Lost international contracts, where buyers eliminate suppliers before the RFQ stage based on website and brochure alone.

Lost credit and higher cost of capital, where banks and lenders discount organisational maturity when presentation is weak, raising interest rates or reducing sanctioned limits.

Lost senior talent, where the director level candidates you really want refuse to join a company whose brand does not match their ambition, forcing you to settle or overpay.

Lost pricing power, where weak brands get pulled into price negotiations the moment they enter the room, while strong brands set the price and hold it.

Lost fundraising leverage, where investors apply informal valuation discounts to companies that look like local workshops despite having the financials of a mid-market business.

Lost partnership opportunities, where distributors, marketplaces, aggregators, and channel partners prefer suppliers who do not need explanation before being introduced to their customers.

Add all six up over a financial year. The number is almost always larger than the entire cost of fixing the brand deficit itself.

WHAT BRAND DEFICIT IS NOT

Brand deficit is not solved by a prettier logo. It is not solved by more Instagram followers. It is not solved by a ten thousand rupee Canva redesign done by a nephew over the weekend.

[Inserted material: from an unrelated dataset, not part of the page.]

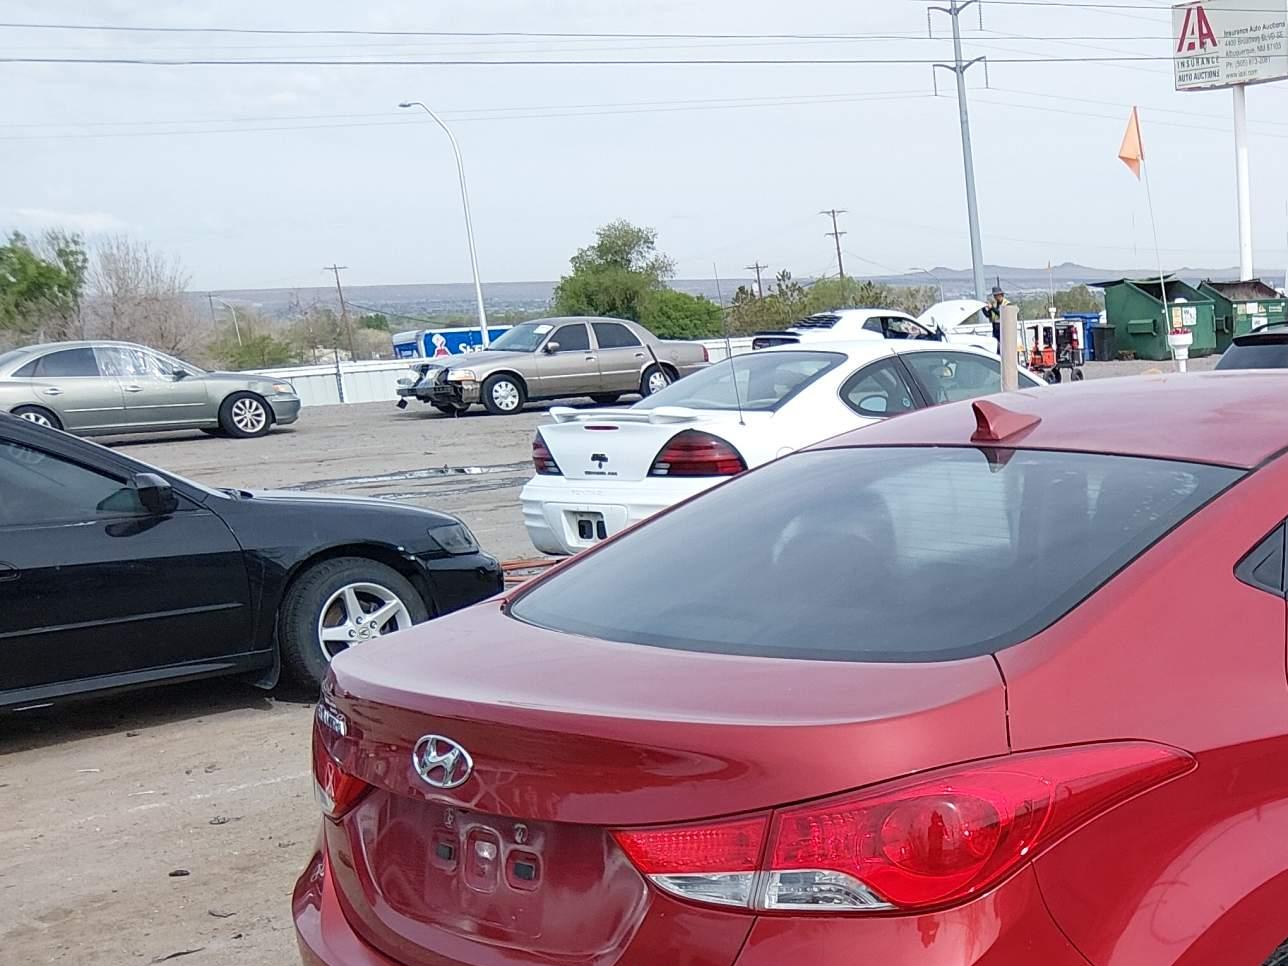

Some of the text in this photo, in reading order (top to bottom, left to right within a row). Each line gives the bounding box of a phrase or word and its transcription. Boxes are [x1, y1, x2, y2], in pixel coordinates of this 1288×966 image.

[1262, 21, 1285, 30] Auctions
[1177, 56, 1220, 69] INSURANCE
[1178, 69, 1220, 82] AUTO AUCTIONS
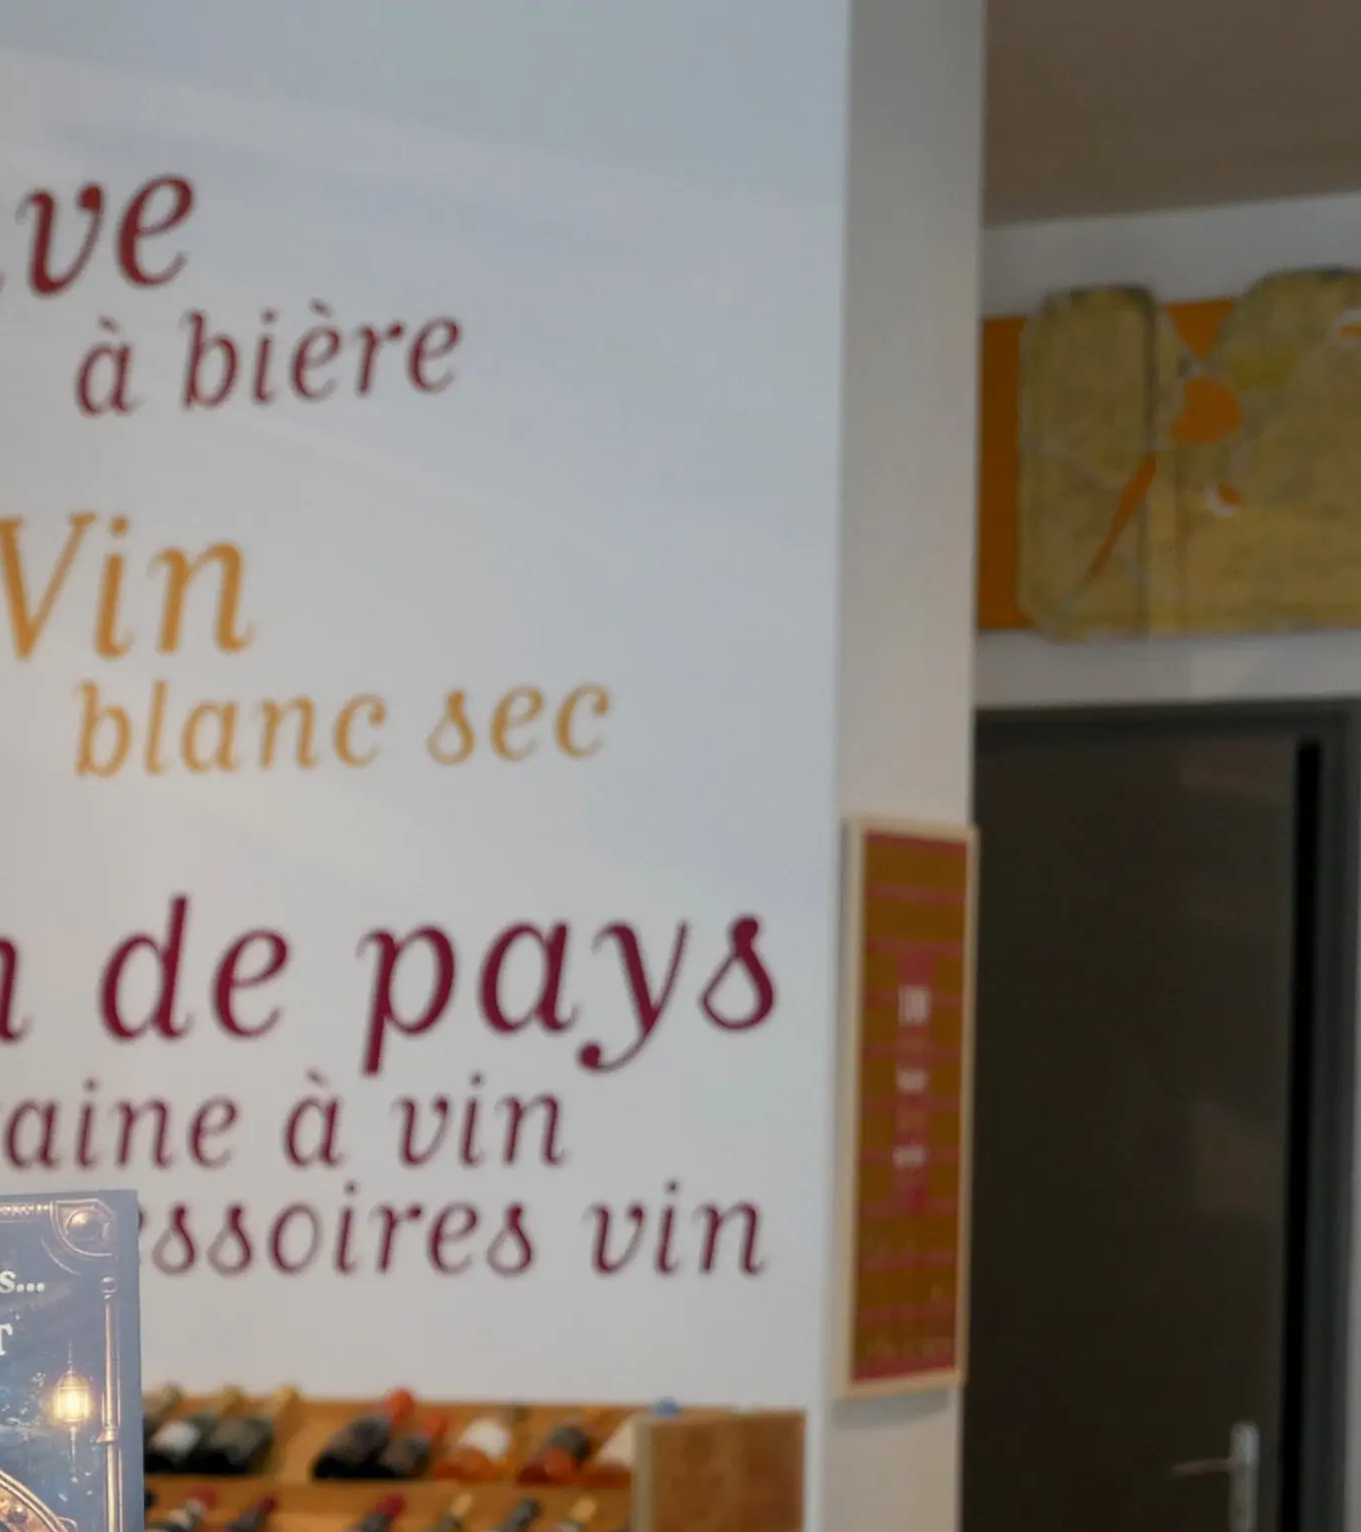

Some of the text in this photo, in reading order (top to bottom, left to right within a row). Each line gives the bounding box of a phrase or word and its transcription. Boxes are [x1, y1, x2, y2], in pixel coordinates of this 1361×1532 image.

Brand deficit is a systemic misalignment between the company’s real capability and its total visible presentation across every touchpoint. The website, the Trust Deck, the packaging, the trade fair booth, the founder’s LinkedIn, the email signature, the factory signage, the way the receptionist introduces the company on the phone. Each of these is a data point the market reads. One weak link does not break the chain on its own. Three weak links do. And most mid-market Indian businesses have at least five.

HOW TO DIAGNOSE BRAND DEFICIT IN YOUR OWN COMPANY

Ask yourself honestly. Does your website look like it belongs to a company of your actual size. Does your company brochure earn the right to be passed from a junior buyer up to a CXO. Does your packaging hold its own against international shelf references, not just local ones. Does your founder’s LinkedIn reflect the business you have actually built, or does it look like a personal account. Does the same identity system carry through every touchpoint, or does each department have its own version. Do new joiners feel proud to put your company name on their LinkedIn, or do they quietly leave it vague.

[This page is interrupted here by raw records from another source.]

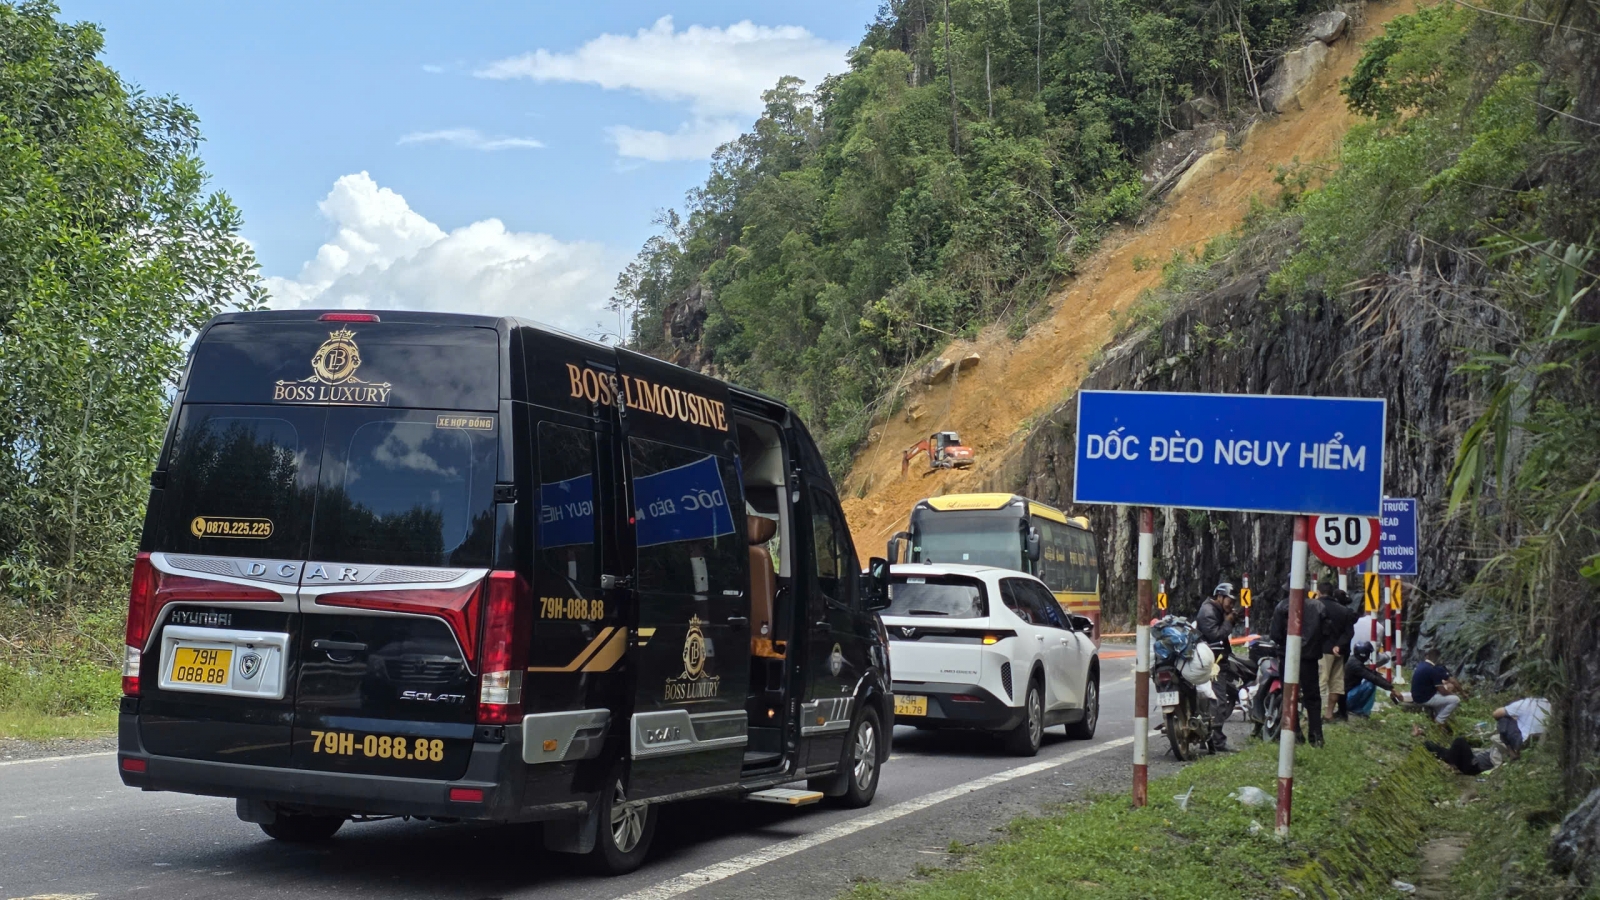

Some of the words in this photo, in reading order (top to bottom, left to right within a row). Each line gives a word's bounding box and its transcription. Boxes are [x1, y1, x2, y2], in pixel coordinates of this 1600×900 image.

[273, 385, 315, 400] BOSS
[318, 386, 391, 402] LUXURY
[621, 374, 728, 432] LIMOUSINE
[439, 418, 450, 427] XE
[1086, 426, 1140, 461] DỐC
[1149, 430, 1203, 463] ĐÈO
[1214, 439, 1291, 467] NGUY
[1299, 431, 1366, 472] HIỂM
[206, 521, 271, 535] 0879.225.225
[1324, 516, 1361, 546] 50
[1379, 517, 1399, 527] HEAD
[246, 562, 359, 582] DCAR
[540, 596, 604, 620] 79H-088.88
[171, 611, 232, 626] HYUNDAI
[192, 650, 218, 666] 79H
[177, 666, 225, 684] 088.88
[400, 690, 466, 703] SOLATI
[664, 684, 685, 700] BOSS
[687, 681, 720, 698] LUXURY
[310, 730, 444, 762] 79H-088.88

If even two of these answers are no, you have brand deficit. If four or more are no, you are losing money you cannot see.

HOW BERYL CLOSES THE BRAND DEFICIT

We have been doing this for sixteen years across 1573 clients, 67 industries, and 19 countries. The method is built on that experience, not a textbook.

01. Brand audit. We map the perception versus reality gap across every visible touchpoint, from website to packaging to founder’s digital footprint. We tell you, in specific terms, where you are being read smaller than you are.

02. Brand strategy. We sharpen the positioning, the voice, the proof architecture, and the competitive differentiation. The strategy answers why the buyer should choose you and how your brand should sound when it says it.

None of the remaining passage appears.